Phrase grounding data
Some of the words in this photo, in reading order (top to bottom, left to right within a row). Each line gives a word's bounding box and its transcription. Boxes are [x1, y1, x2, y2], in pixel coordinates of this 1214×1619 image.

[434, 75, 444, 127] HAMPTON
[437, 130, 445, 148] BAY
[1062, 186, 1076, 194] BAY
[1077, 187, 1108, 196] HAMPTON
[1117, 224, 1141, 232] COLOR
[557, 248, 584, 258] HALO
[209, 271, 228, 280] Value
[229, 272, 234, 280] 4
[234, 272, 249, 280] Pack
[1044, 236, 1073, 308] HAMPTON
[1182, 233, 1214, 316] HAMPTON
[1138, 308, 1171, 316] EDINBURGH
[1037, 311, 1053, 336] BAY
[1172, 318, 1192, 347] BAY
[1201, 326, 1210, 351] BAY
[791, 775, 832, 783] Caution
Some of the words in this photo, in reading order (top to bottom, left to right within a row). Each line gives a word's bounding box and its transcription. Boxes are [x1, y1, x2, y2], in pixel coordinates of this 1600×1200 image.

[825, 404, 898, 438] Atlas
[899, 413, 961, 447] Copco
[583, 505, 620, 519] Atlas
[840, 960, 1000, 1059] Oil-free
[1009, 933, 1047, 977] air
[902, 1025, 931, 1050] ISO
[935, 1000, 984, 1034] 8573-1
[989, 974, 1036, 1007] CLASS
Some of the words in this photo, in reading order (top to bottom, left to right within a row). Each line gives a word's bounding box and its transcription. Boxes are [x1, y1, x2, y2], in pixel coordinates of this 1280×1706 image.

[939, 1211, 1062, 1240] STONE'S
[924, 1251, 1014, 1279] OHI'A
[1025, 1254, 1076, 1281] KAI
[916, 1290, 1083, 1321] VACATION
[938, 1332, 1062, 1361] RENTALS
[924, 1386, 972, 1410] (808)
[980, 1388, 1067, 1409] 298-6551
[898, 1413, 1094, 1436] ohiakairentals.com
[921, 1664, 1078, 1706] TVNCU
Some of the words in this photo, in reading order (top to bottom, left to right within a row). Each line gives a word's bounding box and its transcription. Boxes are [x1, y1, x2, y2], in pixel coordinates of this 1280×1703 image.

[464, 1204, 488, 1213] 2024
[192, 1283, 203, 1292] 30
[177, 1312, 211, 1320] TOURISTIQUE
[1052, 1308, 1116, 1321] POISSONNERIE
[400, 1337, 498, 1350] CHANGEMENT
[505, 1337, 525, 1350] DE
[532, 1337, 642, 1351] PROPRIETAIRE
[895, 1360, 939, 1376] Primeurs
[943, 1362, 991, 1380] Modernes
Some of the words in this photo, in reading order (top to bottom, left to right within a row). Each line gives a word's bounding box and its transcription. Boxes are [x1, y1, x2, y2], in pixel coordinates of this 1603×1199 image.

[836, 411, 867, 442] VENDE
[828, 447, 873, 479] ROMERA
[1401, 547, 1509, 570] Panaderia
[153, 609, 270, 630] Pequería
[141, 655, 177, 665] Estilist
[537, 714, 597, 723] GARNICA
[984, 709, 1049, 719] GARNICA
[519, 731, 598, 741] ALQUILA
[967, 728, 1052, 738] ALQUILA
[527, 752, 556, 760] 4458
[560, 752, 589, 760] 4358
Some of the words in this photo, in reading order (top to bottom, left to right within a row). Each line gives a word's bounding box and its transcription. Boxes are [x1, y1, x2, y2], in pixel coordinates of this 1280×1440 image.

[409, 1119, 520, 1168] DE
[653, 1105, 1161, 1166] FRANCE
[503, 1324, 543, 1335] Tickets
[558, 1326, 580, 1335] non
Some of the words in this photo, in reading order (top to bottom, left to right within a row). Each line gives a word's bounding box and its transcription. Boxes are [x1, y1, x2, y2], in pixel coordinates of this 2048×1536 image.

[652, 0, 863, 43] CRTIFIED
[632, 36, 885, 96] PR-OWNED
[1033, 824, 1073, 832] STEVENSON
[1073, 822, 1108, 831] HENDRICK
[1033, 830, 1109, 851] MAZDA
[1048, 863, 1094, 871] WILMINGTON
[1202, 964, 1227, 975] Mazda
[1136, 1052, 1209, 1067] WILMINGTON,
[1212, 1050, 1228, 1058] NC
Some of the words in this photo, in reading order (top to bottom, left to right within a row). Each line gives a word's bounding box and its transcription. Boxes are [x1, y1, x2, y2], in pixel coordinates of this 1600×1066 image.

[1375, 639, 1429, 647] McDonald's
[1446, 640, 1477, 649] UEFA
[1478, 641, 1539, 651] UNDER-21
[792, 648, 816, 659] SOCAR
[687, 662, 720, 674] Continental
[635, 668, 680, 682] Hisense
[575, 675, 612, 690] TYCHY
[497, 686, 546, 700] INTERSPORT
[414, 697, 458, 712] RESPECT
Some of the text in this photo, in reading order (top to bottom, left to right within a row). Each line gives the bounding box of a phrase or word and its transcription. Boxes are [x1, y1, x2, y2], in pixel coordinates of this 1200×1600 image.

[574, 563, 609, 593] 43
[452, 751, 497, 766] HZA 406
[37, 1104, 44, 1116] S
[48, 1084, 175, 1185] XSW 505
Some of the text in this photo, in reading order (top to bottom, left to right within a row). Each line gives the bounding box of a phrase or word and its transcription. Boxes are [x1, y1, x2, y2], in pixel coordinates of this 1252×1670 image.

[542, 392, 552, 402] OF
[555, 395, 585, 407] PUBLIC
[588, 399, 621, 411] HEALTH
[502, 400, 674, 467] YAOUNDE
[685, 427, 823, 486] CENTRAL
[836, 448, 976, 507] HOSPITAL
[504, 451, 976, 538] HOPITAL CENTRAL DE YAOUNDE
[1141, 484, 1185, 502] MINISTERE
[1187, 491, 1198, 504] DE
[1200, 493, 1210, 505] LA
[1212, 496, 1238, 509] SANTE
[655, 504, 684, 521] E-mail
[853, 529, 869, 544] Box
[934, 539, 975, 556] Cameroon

Exercise objective:
Exactly as shown above, return all of the entries.

Task result:
Some of the words in this photo, in reading order (top to bottom, left to right within a row). Each line gives a word's bounding box and its transcription. Boxes are [x1, y1, x2, y2], in pixel coordinates of this 1214×1619 image.

[434, 75, 444, 127] HAMPTON
[437, 130, 445, 148] BAY
[1062, 186, 1076, 194] BAY
[1077, 187, 1108, 196] HAMPTON
[1117, 224, 1141, 232] COLOR
[557, 248, 584, 258] HALO
[209, 271, 228, 280] Value
[229, 272, 234, 280] 4
[234, 272, 249, 280] Pack
[1044, 236, 1073, 308] HAMPTON
[1182, 233, 1214, 316] HAMPTON
[1138, 308, 1171, 316] EDINBURGH
[1037, 311, 1053, 336] BAY
[1172, 318, 1192, 347] BAY
[1201, 326, 1210, 351] BAY
[791, 775, 832, 783] Caution
Some of the words in this photo, in reading order (top to bottom, left to right within a row). Each line gives a word's bounding box and its transcription. Boxes are [x1, y1, x2, y2], in pixel coordinates of this 1600×1200 image.

[825, 404, 898, 438] Atlas
[899, 413, 961, 447] Copco
[583, 505, 620, 519] Atlas
[840, 960, 1000, 1059] Oil-free
[1009, 933, 1047, 977] air
[902, 1025, 931, 1050] ISO
[935, 1000, 984, 1034] 8573-1
[989, 974, 1036, 1007] CLASS
Some of the words in this photo, in reading order (top to bottom, left to right within a row). Each line gives a word's bounding box and its transcription. Boxes are [x1, y1, x2, y2], in pixel coordinates of this 1280×1706 image.

[939, 1211, 1062, 1240] STONE'S
[924, 1251, 1014, 1279] OHI'A
[1025, 1254, 1076, 1281] KAI
[916, 1290, 1083, 1321] VACATION
[938, 1332, 1062, 1361] RENTALS
[924, 1386, 972, 1410] (808)
[980, 1388, 1067, 1409] 298-6551
[898, 1413, 1094, 1436] ohiakairentals.com
[921, 1664, 1078, 1706] TVNCU
Some of the words in this photo, in reading order (top to bottom, left to right within a row). Each line gives a word's bounding box and its transcription. Boxes are [x1, y1, x2, y2], in pixel coordinates of this 1280×1703 image.

[464, 1204, 488, 1213] 2024
[192, 1283, 203, 1292] 30
[177, 1312, 211, 1320] TOURISTIQUE
[1052, 1308, 1116, 1321] POISSONNERIE
[400, 1337, 498, 1350] CHANGEMENT
[505, 1337, 525, 1350] DE
[532, 1337, 642, 1351] PROPRIETAIRE
[895, 1360, 939, 1376] Primeurs
[943, 1362, 991, 1380] Modernes
Some of the words in this photo, in reading order (top to bottom, left to right within a row). Each line gives a word's bounding box and its transcription. Boxes are [x1, y1, x2, y2], in pixel coordinates of this 1603×1199 image.

[836, 411, 867, 442] VENDE
[828, 447, 873, 479] ROMERA
[1401, 547, 1509, 570] Panaderia
[153, 609, 270, 630] Pequería
[141, 655, 177, 665] Estilist
[537, 714, 597, 723] GARNICA
[984, 709, 1049, 719] GARNICA
[519, 731, 598, 741] ALQUILA
[967, 728, 1052, 738] ALQUILA
[527, 752, 556, 760] 4458
[560, 752, 589, 760] 4358
Some of the words in this photo, in reading order (top to bottom, left to right within a row). Each line gives a word's bounding box and its transcription. Boxes are [x1, y1, x2, y2], in pixel coordinates of this 1280×1440 image.

[409, 1119, 520, 1168] DE
[653, 1105, 1161, 1166] FRANCE
[503, 1324, 543, 1335] Tickets
[558, 1326, 580, 1335] non
Some of the words in this photo, in reading order (top to bottom, left to right within a row). Each line gives a word's bounding box and its transcription. Boxes are [x1, y1, x2, y2], in pixel coordinates of this 2048×1536 image.

[652, 0, 863, 43] CRTIFIED
[632, 36, 885, 96] PR-OWNED
[1033, 824, 1073, 832] STEVENSON
[1073, 822, 1108, 831] HENDRICK
[1033, 830, 1109, 851] MAZDA
[1048, 863, 1094, 871] WILMINGTON
[1202, 964, 1227, 975] Mazda
[1136, 1052, 1209, 1067] WILMINGTON,
[1212, 1050, 1228, 1058] NC
Some of the words in this photo, in reading order (top to bottom, left to right within a row). Each line gives a word's bounding box and its transcription. Boxes are [x1, y1, x2, y2], in pixel coordinates of this 1600×1066 image.

[1375, 639, 1429, 647] McDonald's
[1446, 640, 1477, 649] UEFA
[1478, 641, 1539, 651] UNDER-21
[792, 648, 816, 659] SOCAR
[687, 662, 720, 674] Continental
[635, 668, 680, 682] Hisense
[575, 675, 612, 690] TYCHY
[497, 686, 546, 700] INTERSPORT
[414, 697, 458, 712] RESPECT
Some of the text in this photo, in reading order (top to bottom, left to right within a row). Each line gives the bounding box of a phrase or word and its transcription. Boxes are [x1, y1, x2, y2], in pixel coordinates of this 1200×1600 image.

[574, 563, 609, 593] 43
[452, 751, 497, 766] HZA 406
[37, 1104, 44, 1116] S
[48, 1084, 175, 1185] XSW 505
Some of the text in this photo, in reading order (top to bottom, left to right within a row). Each line gives the bounding box of a phrase or word and its transcription. Boxes are [x1, y1, x2, y2], in pixel coordinates of this 1252×1670 image.

[542, 392, 552, 402] OF
[555, 395, 585, 407] PUBLIC
[588, 399, 621, 411] HEALTH
[502, 400, 674, 467] YAOUNDE
[685, 427, 823, 486] CENTRAL
[836, 448, 976, 507] HOSPITAL
[504, 451, 976, 538] HOPITAL CENTRAL DE YAOUNDE
[1141, 484, 1185, 502] MINISTERE
[1187, 491, 1198, 504] DE
[1200, 493, 1210, 505] LA
[1212, 496, 1238, 509] SANTE
[655, 504, 684, 521] E-mail
[853, 529, 869, 544] Box
[934, 539, 975, 556] Cameroon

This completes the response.